Par Patrick Albray le 20 août 1999                      Lien  
Cela aurait pu devenir "la" référence hergéenne ultime, la source à laquelle tout le monde aurait fait appel pour répondre à la moindre réponse relative à l'oeuvre et à la carrière d'Hergé. Par une incompréhensible accumulation d'incompétences, tant au point de vue de la traduction que du suivi éditorial, ce travail de recherche considérable donne un beau livre, certes, luxueux, certes, mais qui dégage une désastreuse impression d'amateurisme.

La forme : le gâchis

Paru à l’origine aux Pays-Bas en langue néerlandaise, "Tracé Hergé" a été "adapté" en français par les Editions Lefrancq.

Il restera, dans les annales de l’édition comme le livre qui a réussi à cumuler la traduction la plus catastrophique et l’adaptation la plus bâclée.

Traduction, tout d’abord. Le texte est truffé de résidus néerlandais : dans la moindre phrase, la version flamande des noms de rues, de villes, de magazines... est systématiquement accolée, sans raison, au nom français (ce qui nous vaut des phrases aussi légères que "Il loua un appartement 103, rue de Livourne Livorno Straat et acheta un espace professionnel tout près de la partie tranquille de l’avenue Louise Louiza laan à Bruxelles/Brussel") ; de nombreux titres sont en néerlandais alors que leur équivalent francophone existe - et pour cause, puisque Tintin paraissait à l’origine en français ; et le plus grave, c’est que le traducteur ne connaissait rien du vocabulaire de la bande dessinée ni de l’édition. Les traductions erronées ou grotesques foisonnent : "colorieuse" au lieu de "coloriste", "bédé" au lieu de "bande dessinée", "bédé-à-épisodes" au lieu de "feuilleton", "photographe de reproduction" au lieu de "photograveur", "album toutes couleurs" au lieu de "album quadrichromie", etc.

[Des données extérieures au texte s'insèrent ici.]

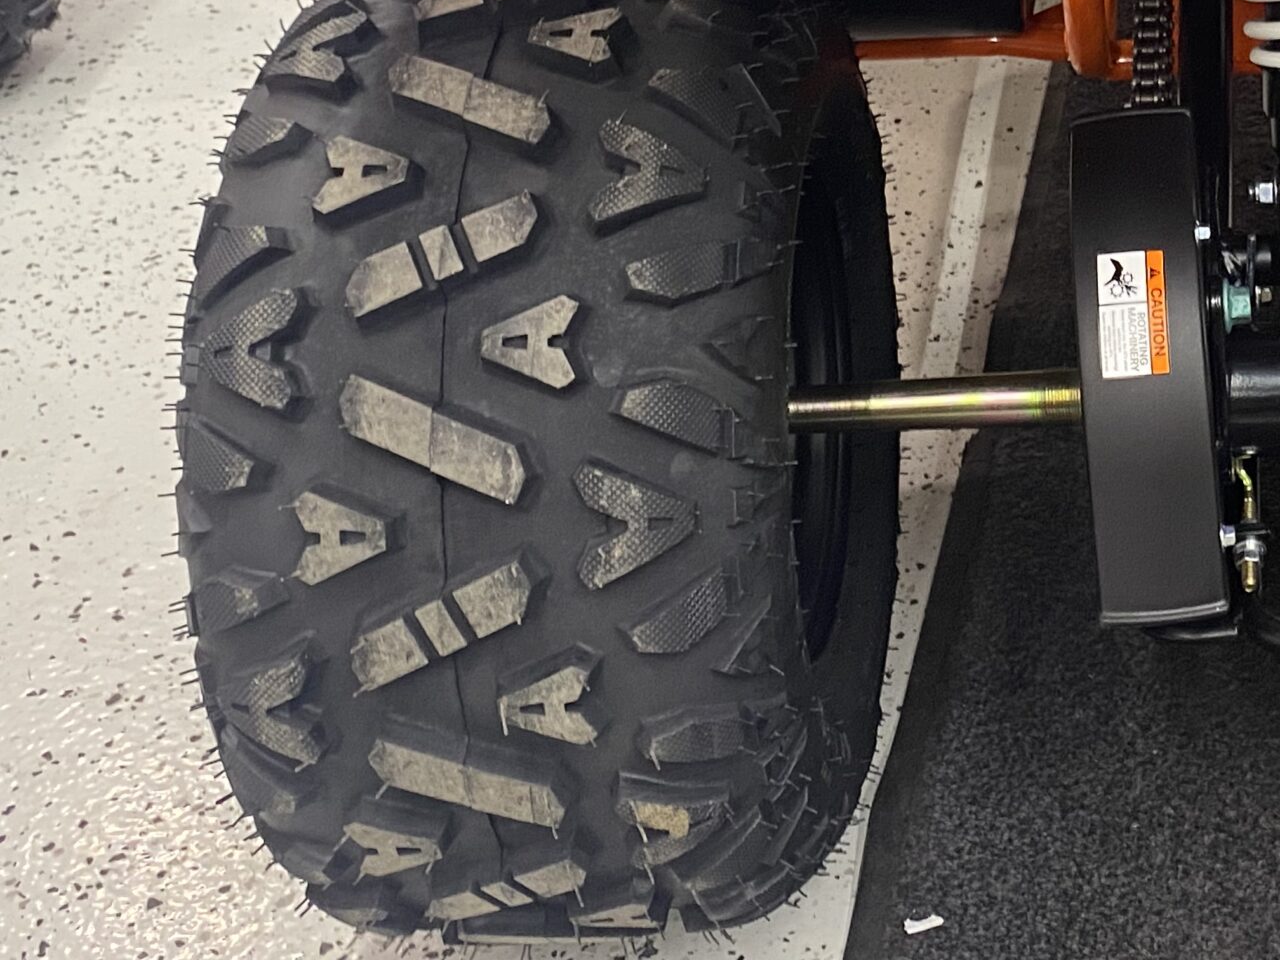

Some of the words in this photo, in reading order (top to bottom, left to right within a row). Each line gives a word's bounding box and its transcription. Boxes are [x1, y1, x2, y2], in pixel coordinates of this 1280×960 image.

[1127, 306, 1140, 373] MACHINERY
[1137, 311, 1149, 367] ROTATING
[1150, 287, 1166, 358] CAUTION

La première apparition de Milou, en 1928 >>> 

D’adaptation, il n’y a pas vraiment eu. L’éditeur s’est contenté de prendre le texte néerlandais, de le faire (excécrablement) traduire et imprimer, point. On y trouve des prix en gulden hollandais, des vignettes de Tintin en néerlandais (alors que, bien évidemment, l’équivalent francophone était disponible), des références de publication dans des journaux flamands sans intérêt pour le public francophone. Entendons-nous : il ne s’agit pas de dénigrer les lecteurs néerlandophones, mais de dénoncer l’amateurisme de la version française de ce livre, incompatible avec un ouvrage de luxe payé au prix fort par les lecteurs.

Le fond : étonnant

Le contenu est donc le résultat de quinze années de travail de la part de H. Van Opstal, qui a patiemment noté la moindre petite parcelle d’information qu’il pouvait trouver à propos d’Hergé, de sa vie, de sa carrière, de son travail.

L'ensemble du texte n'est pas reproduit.